Other original members of that group, including Matara District MP Dullas Alahapperuma who ran for president against Wickremesinghe in a parliamentary vote after Gotabaya’s resignation, hadn’t been able to reach a consensus regarding their future course of action, sources said. Therefore, they refrained from either joining any other political party or organizing an event of their own to mark May Day. That group included MPs Alahapperuma, Prof. Channa Jayasumana, Charitha Herath, Ratnapala Ratnasekera, Lalith Ellawela and Thilak Rajapaksha.
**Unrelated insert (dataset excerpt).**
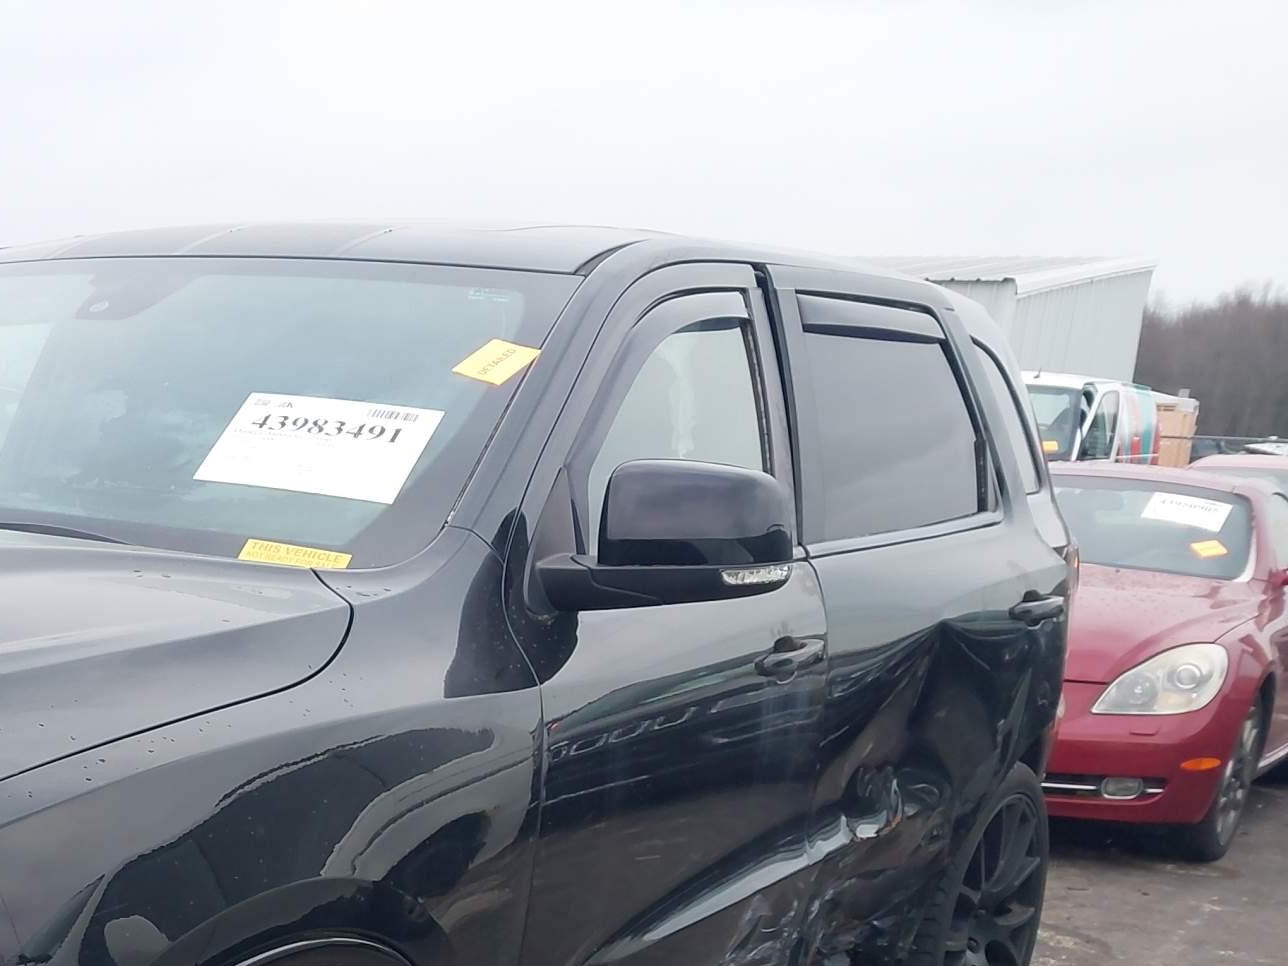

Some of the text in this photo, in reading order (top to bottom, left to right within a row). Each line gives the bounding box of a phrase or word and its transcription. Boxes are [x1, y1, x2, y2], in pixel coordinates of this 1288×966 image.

[251, 413, 402, 443] 43983491
[251, 542, 345, 563] THIS VEHICLE
Patali Champika Ranawaka, who entered Parliament on the SJB ticket, didn’t organize a May Day event. A senior spokesman said that they were preparing for the convention of their party due shortly. Former Minister Ranawaka leads the Eksath Janaraja Peramuna that received the Election Commission’s recognition last year. Another elected member of the SJB to skip May Day was Kumara Welgama, leader of New Lanka Freedom Party.
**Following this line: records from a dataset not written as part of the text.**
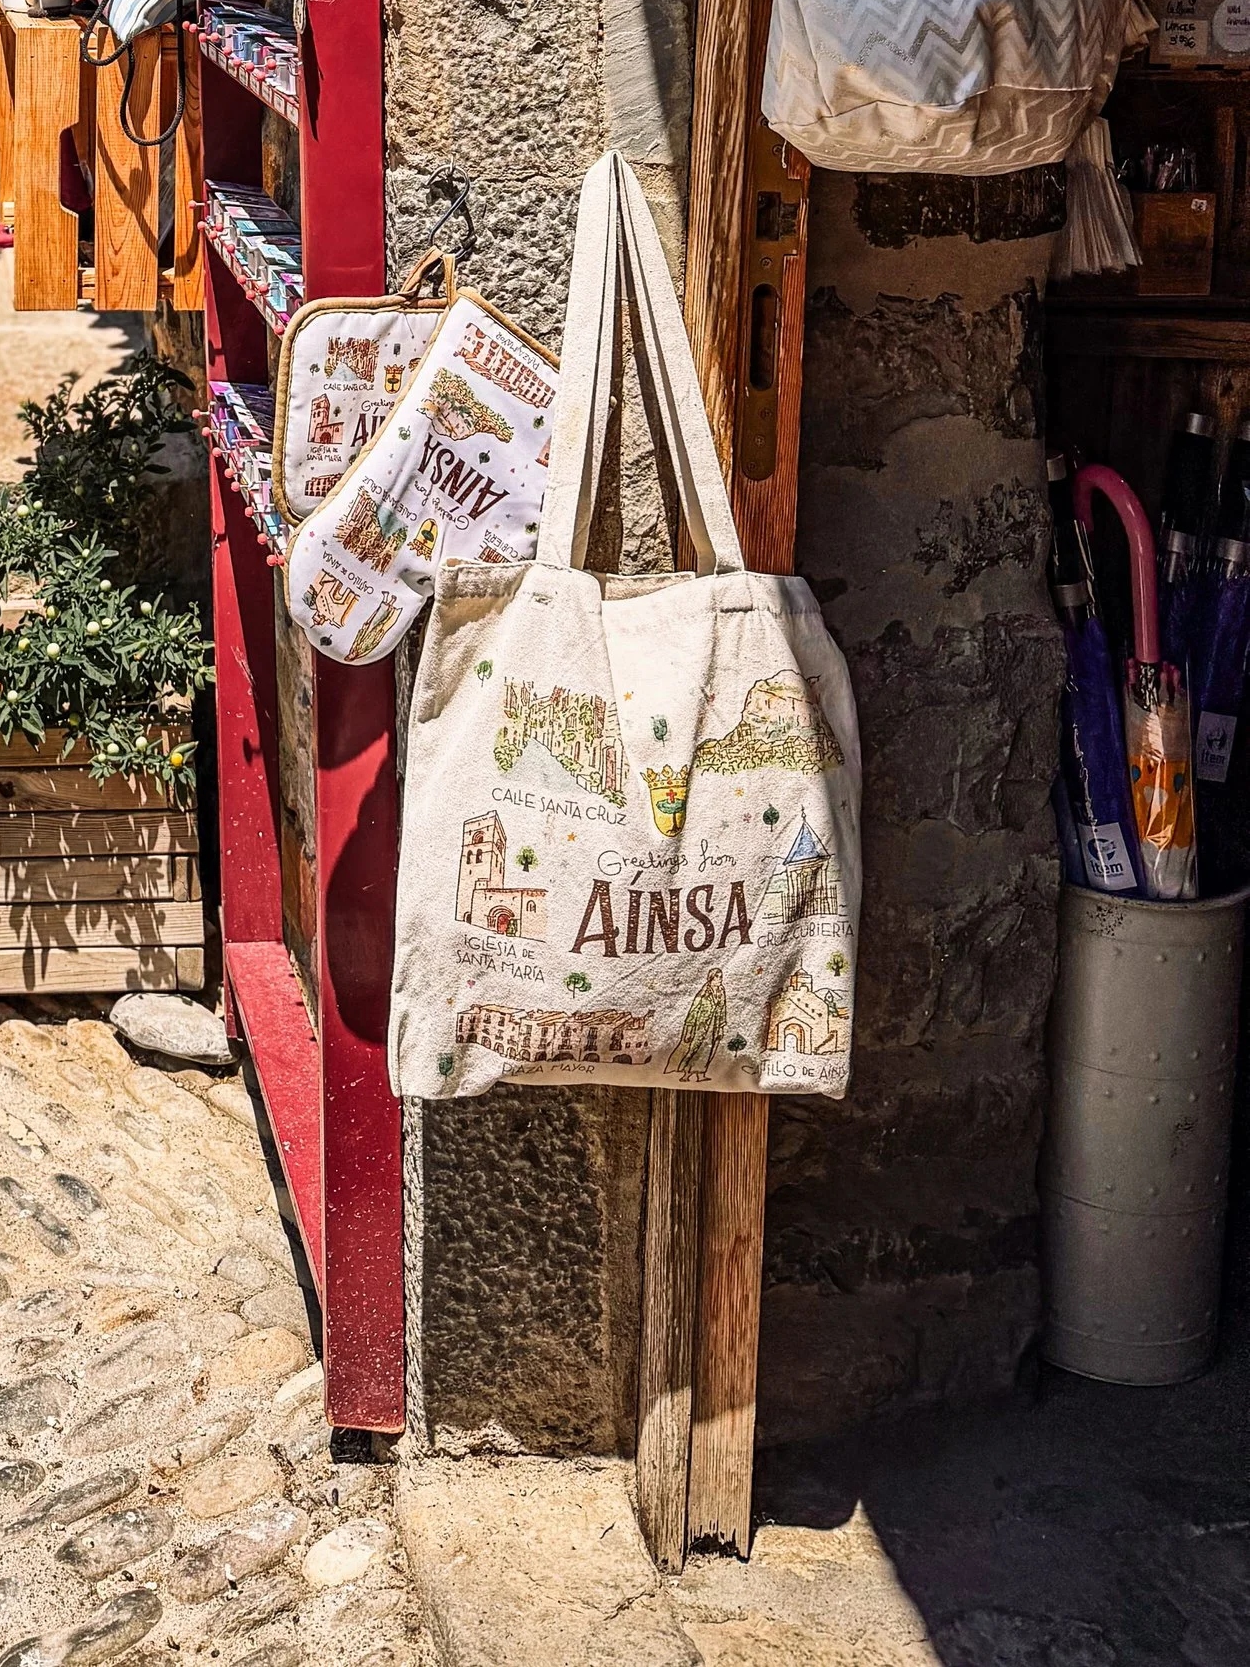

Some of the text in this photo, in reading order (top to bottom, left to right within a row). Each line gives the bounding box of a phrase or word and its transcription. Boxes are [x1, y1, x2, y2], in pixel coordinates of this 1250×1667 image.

[361, 398, 395, 412] Greeting
[417, 432, 511, 521] AÍNSA
[491, 787, 628, 826] CALLE SANTA CRUZ
[597, 838, 737, 876] Greetings from
[568, 870, 753, 958] AÍNSA
[455, 949, 545, 984] SANTA MARÍA
[522, 948, 535, 960] DE
[501, 1062, 544, 1077] PLAZA
[741, 1059, 796, 1077] CTILLO
[802, 1066, 815, 1077] DE
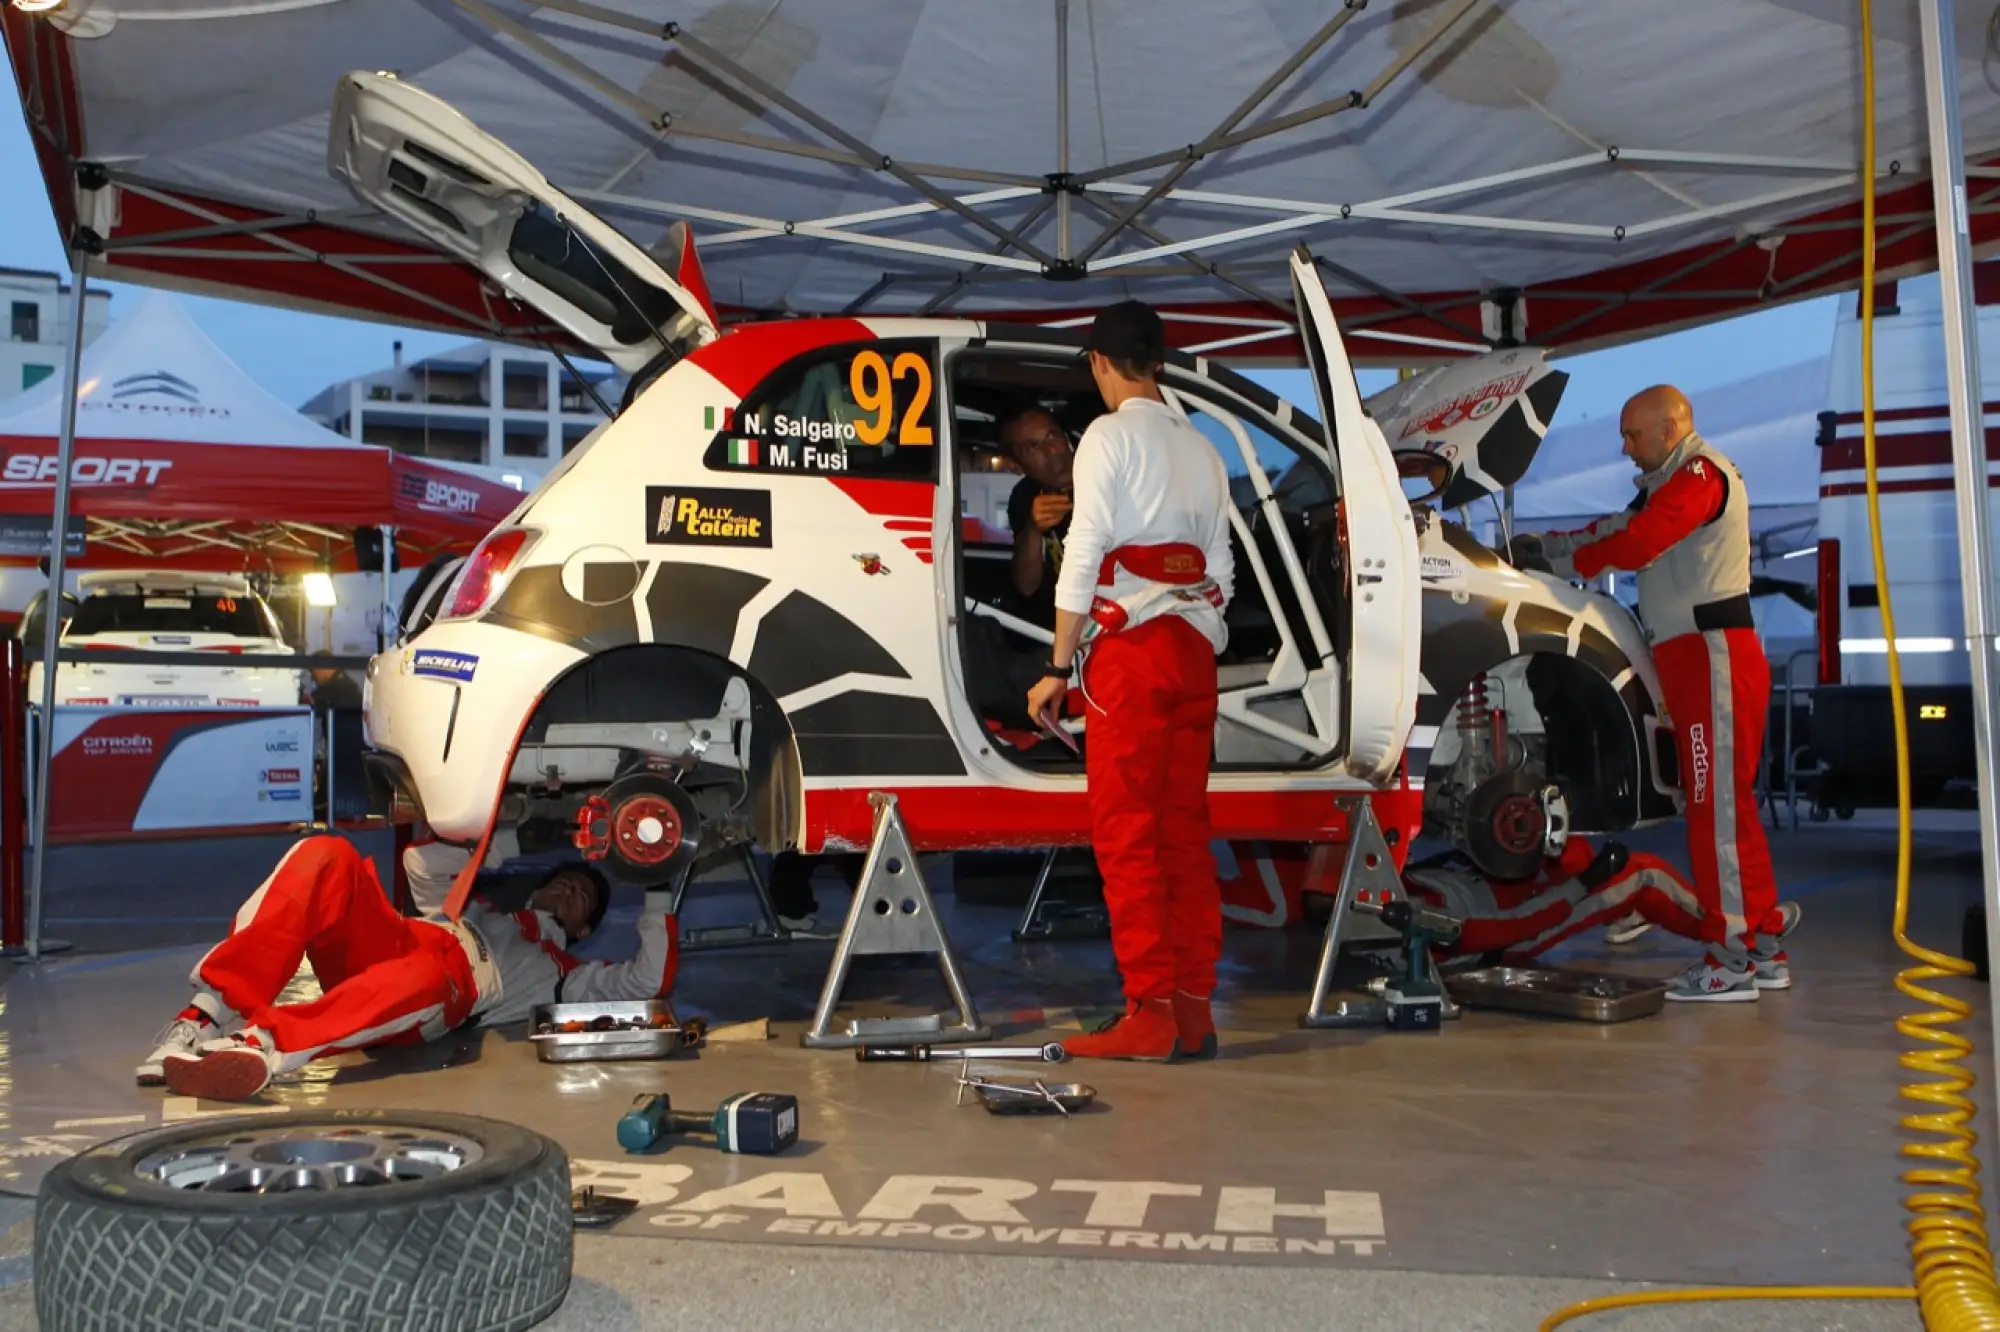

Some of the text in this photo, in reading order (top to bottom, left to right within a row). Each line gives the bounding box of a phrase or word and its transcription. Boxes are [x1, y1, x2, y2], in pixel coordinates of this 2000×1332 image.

[851, 350, 933, 445] 92
[744, 413, 856, 442] N. Salgaro
[2, 453, 173, 484] SPORT
[769, 444, 848, 471] M. Fusi
[425, 480, 480, 513] SPORT
[677, 497, 733, 522] RALLY
[687, 517, 762, 537] talent
[216, 598, 237, 613] 40
[416, 655, 477, 672] MICHELIN
[1690, 722, 1709, 804] kappa
[650, 1212, 1386, 1257] OF EMPOWERMENT
The Wimal Weerawansa-led Uththara Lanka Sabhagaya (ULS), which is another active SLPP rebel group, held its rally at the Lalith Athulathmudali playground, Kirulapone. National Freedom Front (NFF) leader and former Minister Wimal Weerawansa chaired the meeting, in his capacity as the Chairman of the alliance comprising the Communist Party (represented by Dr. G. Weerasinghe and Weerasemana Weerasinhe, MP), Pivithuru Hela Urumaya of MP Udaya Gammanpila, Our Power of People Party of Ven. Atureliye Rathana, MP, in his capacity as the leader of Dharani Jathika Sabhawa. and civil society group Yuthukama (Gevindu Cumaratunga) joined the rally.
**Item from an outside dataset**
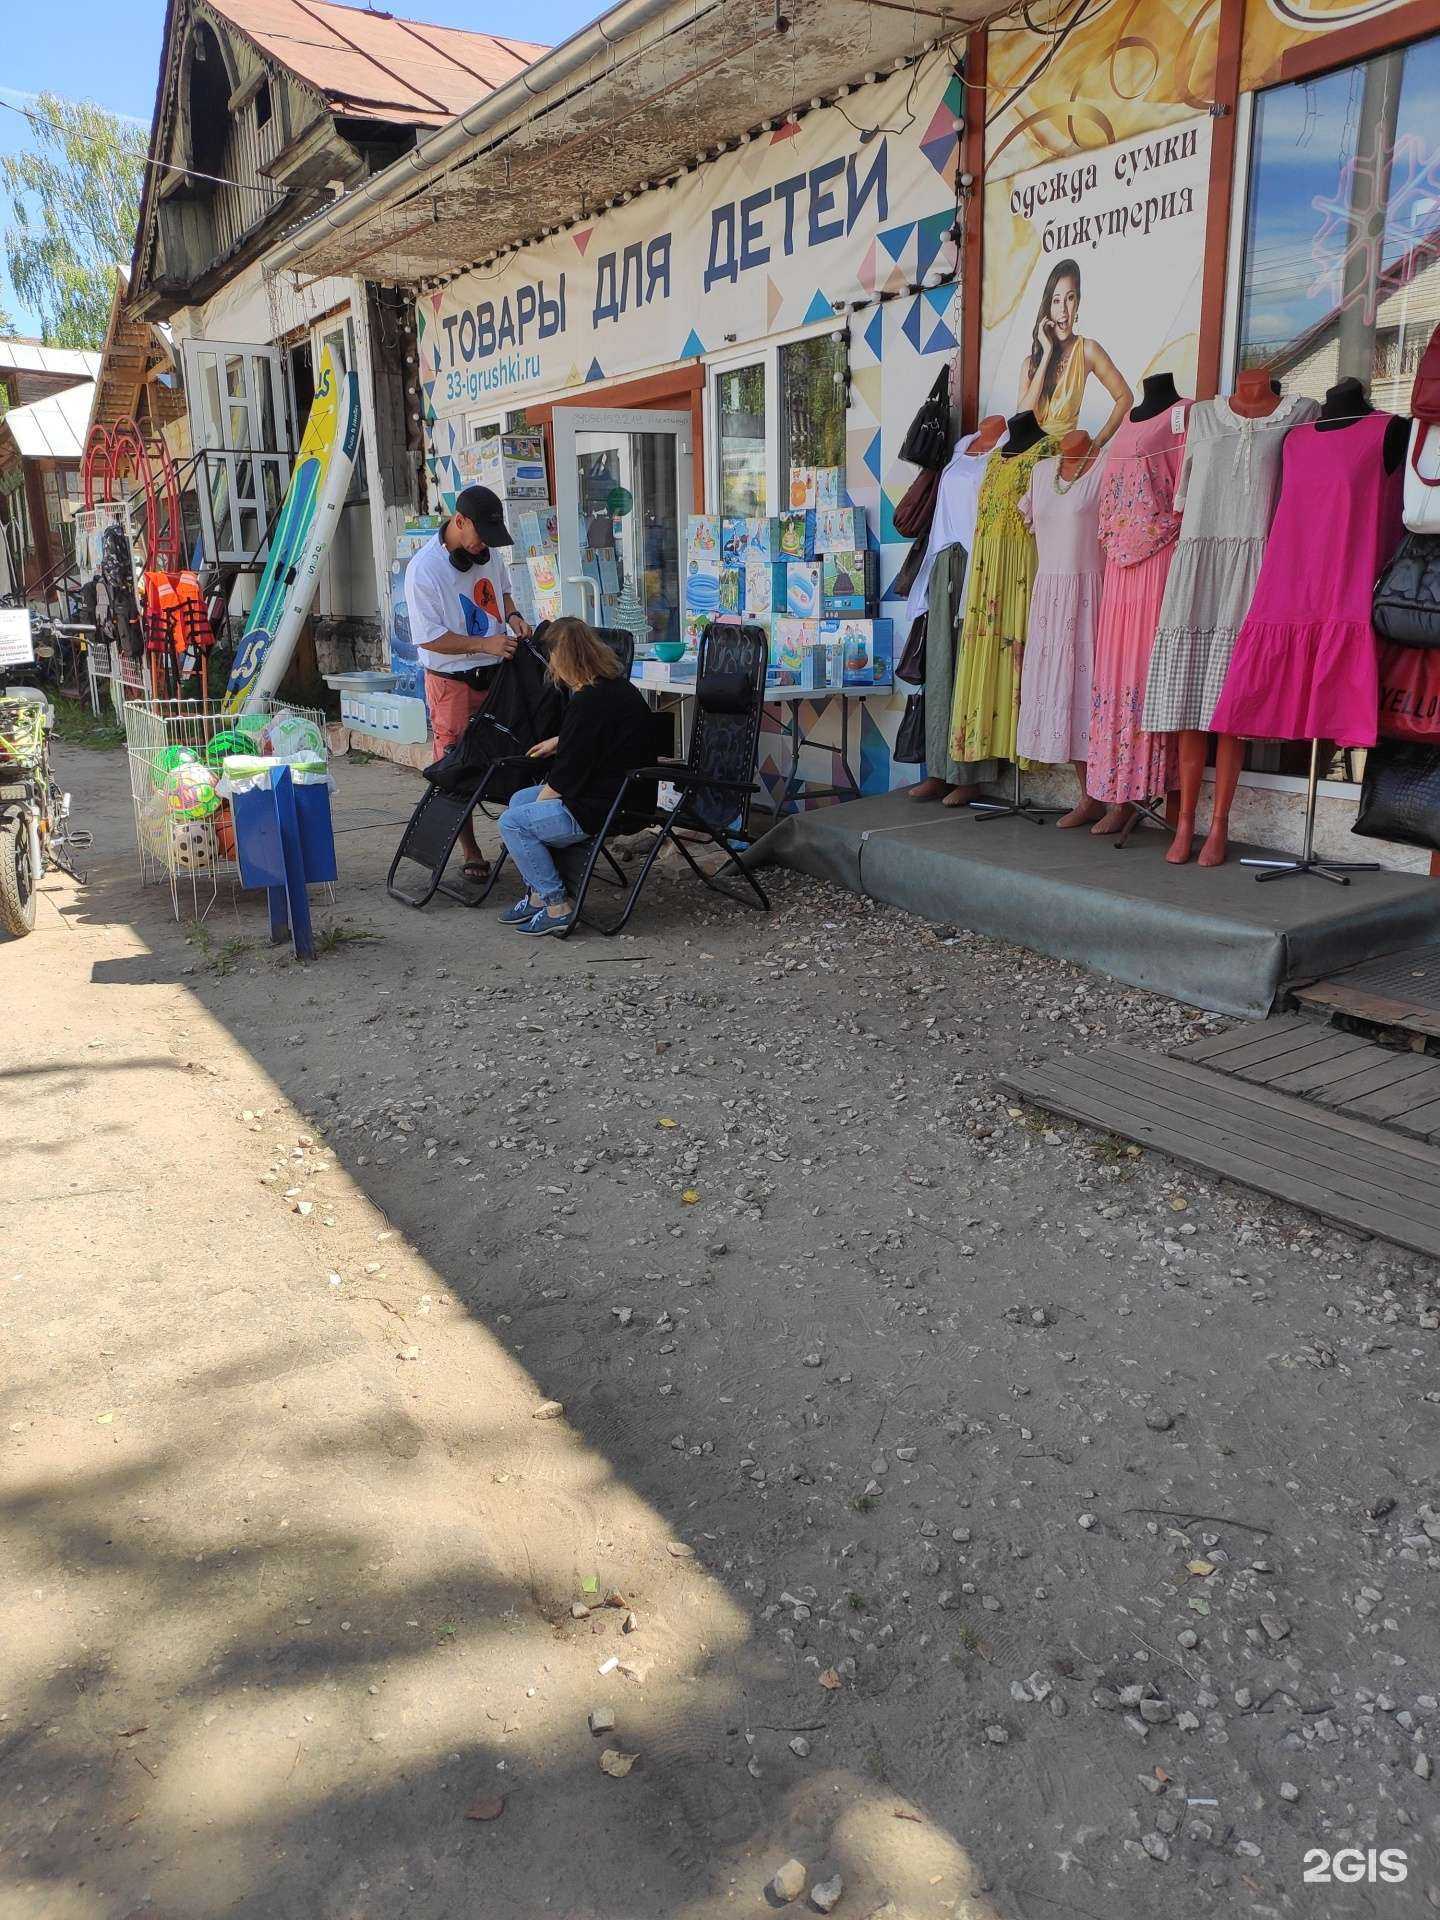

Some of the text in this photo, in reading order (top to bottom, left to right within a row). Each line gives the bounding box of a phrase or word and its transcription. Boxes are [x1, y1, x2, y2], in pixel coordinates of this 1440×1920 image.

This party declared in unison at its May Day rally that it was the only grouping genuinely opposed to President Wickremesinghe’s agenda inimical to national interests. Addressing quite a significant crowd, former minister Gammanpila found fault with ousted President Gotabaya Rajapakasa for ruining the mandate received by him as a result of caving into US interventions. The outspoken lawmaker named US Ambassador Julie Chung and dual citizen Basil Rajapaksa as the two advisors who caused the President’s downfall.

Gampaha District MP Nimal Lanza’s ‘New Alliance,’ consisting of SLPP MPs, too, kept away from Campbell Park. That group has pledged its support to President Wickremesinghe but decided not to join the UNP rally until the official declaration of Wickremesinghe candidature. It was quite agitated by the UNP’s decision to further delay the official announcement.

State Minister Lasantha Alagiyawanna said that the majority of the SLFPers, who had been elected on the SLPP ticket, decided to keep away from May Day rallies. They included the majority of the 14-member SLFP group sitting in Parliament now.

MP Alagiyawanna said that a May Day meeting that had been organized in Gampaha by Maithripala Sirisena faction of the party was meant to boost the image of Justice Minister Dr. Wijeyadasa Rajapakshe, PC, whose appointment as Acting Chairman of the SLFP was restrained by a court order. Obviously, at the time MP Alagiyawanna talked to us he wasn’t aware of former President and SLFP leader Maithripala Sirisena’s declaration that Rajapakshe would be their (SLFP) presidential candidate. Sirisena too has been retrained from leading the SLFP by a court order.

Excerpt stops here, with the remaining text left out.